FIG 1.

Unregulated myosin II-dependent contractility contributes to the cytoskeletal phenotype of CORO1 knockdown cells. (A) Representative images of the indicated cells stained with antibodies to phospho-MLC (top row, red signals) and Alexa Fluor 635-labeled phalloidin (top row, blue signals) and with vinculin (bottom row, green signals). In the top row, magnifications of the boxed cell areas are shown in the insets. Color codes for fluorescence signals are indicated. Colocalization of phospho-MLC and F-actin is shown in purple (top row).

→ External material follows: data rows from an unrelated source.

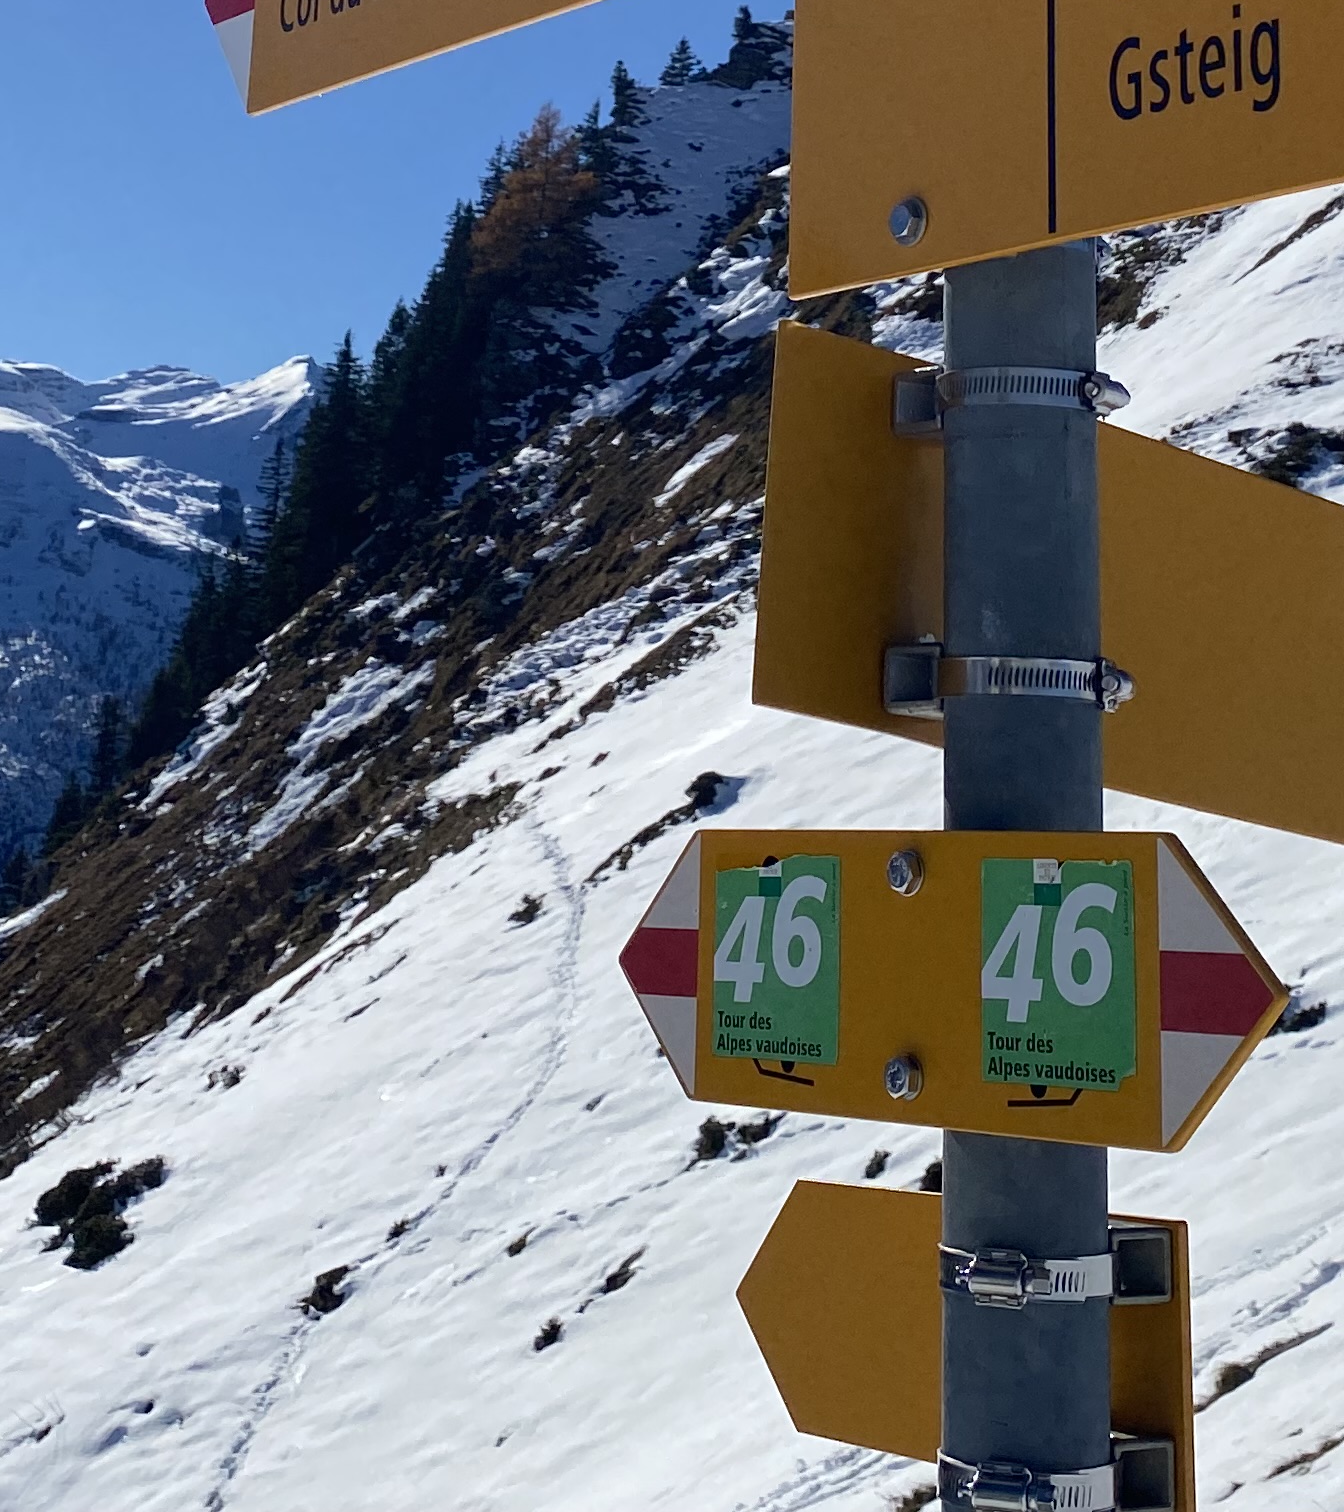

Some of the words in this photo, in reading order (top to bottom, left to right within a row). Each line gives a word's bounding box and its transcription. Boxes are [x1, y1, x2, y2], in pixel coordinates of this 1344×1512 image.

[1108, 2, 1284, 123] Gsteig
[713, 874, 828, 1004] 46
[980, 881, 1119, 1024] 46
[717, 1010, 746, 1030] Tour
[749, 1011, 773, 1031] des
[716, 1032, 753, 1056] Alpes
[756, 1036, 823, 1059] vaudoises
[987, 1031, 1023, 1053] Tour
[1026, 1032, 1054, 1054] des
[987, 1056, 1031, 1082] Alpes
[1035, 1061, 1117, 1085] vaudoises

Scale bars, 10 μm. (B and E) Representative images of the cytoskeletal phenotype exhibited by CORO1 knockdown cells (top) upon ectopic expression of the indicated Coro1-EGFP proteins (B, left) and drug treatments (E, left). In panel B, colocalization of Coro1 and F-actin is shown in yellow. Scale bars, 10 μm. (C, D, and F) Total cellular extracts from the indicated cell lines and experimental conditions were analyzed by Western blotting (WB) to detect the amount of phospho (p)-MLC (top gels), phosphocofilin (second gels from top), and Coro1A (F, third gel from top). The loading controls used were tubulin α (C and D, bottom) and GAPDH (F, bottom). The antibodies used in the immunoblot analyses are indicated on the right.